As I turned around in my seat, Lindsey returned. “Is now the time we talk about Ash?” she asked, sitting.
“Sure,” I said. “Although I don’t have any problem talking about him when he’s here, either.”
She laughed. “You two make a great team. Your senses of humor are so similar it’s frightening. Are you sure you’re not my own child?”
“If I’d come out of your gene pool, I’d probably be six inches taller,” I said. “Then all my pants would be too short.”
“Who are you calling short?” Ash asked, sliding into his chair.
“No one,” Lindsey and I said together, and then laughed at the same time.
Ash shook his head in mock sorrow and murmured something about not being able to leave us two alone.
The rest of the meal passed in a similar lighthearted fashion, but underneath, I kept wondering the same thing: Exactly how uncontrollable was Brad Lacombe’s temper?
Chapter 10
The next day, Saturday, was a bookmobile day, but instead of being my normal bright self, I started off the morning yawning and wishing for a couple more hours of sleep.
“Up late last night?” Julia asked. “Did you and Ash go barhopping?”
Barhopping in Chilson wouldn’t have taken very long since there was only one establishment in town dedicated to the serving of alcohol. Half a dozen restaurants had bar areas, but I wasn’t sure if those would count. “We had dinner with his mom and ended up back at her house playing trivia games.”
Julia looked down at Eddie. “What do you think, my furry friend? Could there possibly be a more romantic way to spend an evening?”
“I like Lindsey. She’s funny. And smart.”
“Are you dating her or her son?”
I couldn’t think of any response that didn’t involve sarcasm, and since I’d recently promised my mother that I would try to avoid being sarcastic for at least a week, just to see how it felt, I flicked on the turn signal and said, “Is that Mr. Zonne’s car?”
Julia looked at the church parking lot. “It is indeed. What kind of story do you think he’ll have for us today?”

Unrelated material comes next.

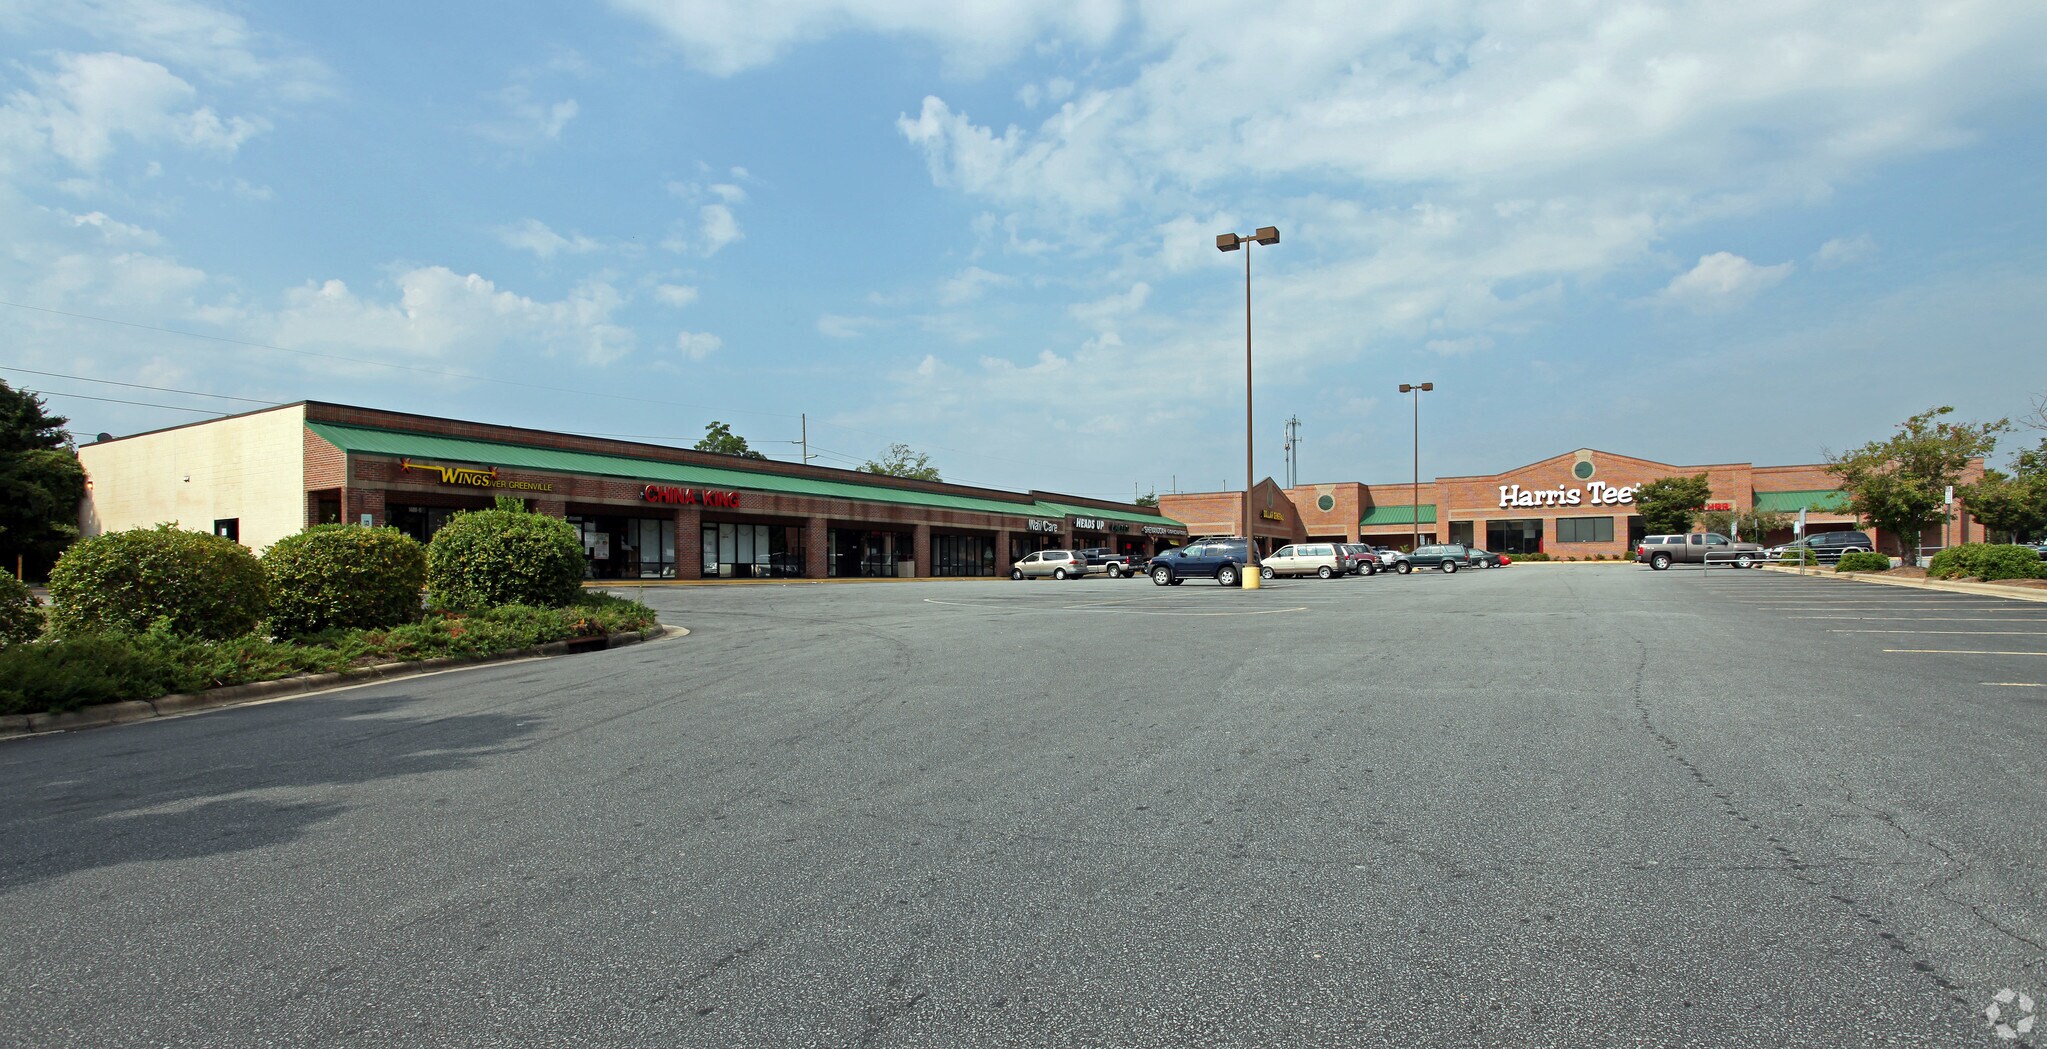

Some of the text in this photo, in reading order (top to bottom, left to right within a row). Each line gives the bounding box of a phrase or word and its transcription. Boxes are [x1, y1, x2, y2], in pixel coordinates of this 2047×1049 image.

It was bound to be a good one. After the death of his wife, Lawrence Zonne, a sprightly white-haired octogenarian, had returned home to Tonedagana County from a retirement community in Florida. Mr. Zonne had vision sharper than an eagle’s and a memory that retrieved information faster than Wikipedia and with far more accuracy.
I parked, Julia opened the door to Eddie’s carrier, and we went about getting the bookmobile ready for business, which amounted to flipping open the laptop computers, unstrapping the chair at the back desk, and unlocking the back door.
Mr. Zonne bounded up the stairs. “My dears, I was so sorry to hear about your macabre discovery. What a dreadful thing!” He spread his thin arms wide and gave Julia a massive hug, which then got transferred to me. “More dreadful for Dale Lacombe,” he said into my hair, “but then Dale was a dreadful man.”
“You knew him?” I asked as I was released.
“In a way.” Mr. Zonne paused and squinted at the ceiling. “The rat bast . . . sorry, that miserable son of . . . no, sorry . . .” He pursed his lips. Finally, he said, “Dale Lacombe was the low bid for an addition to our house some thirty years ago. And there was a reason he was low bidder.”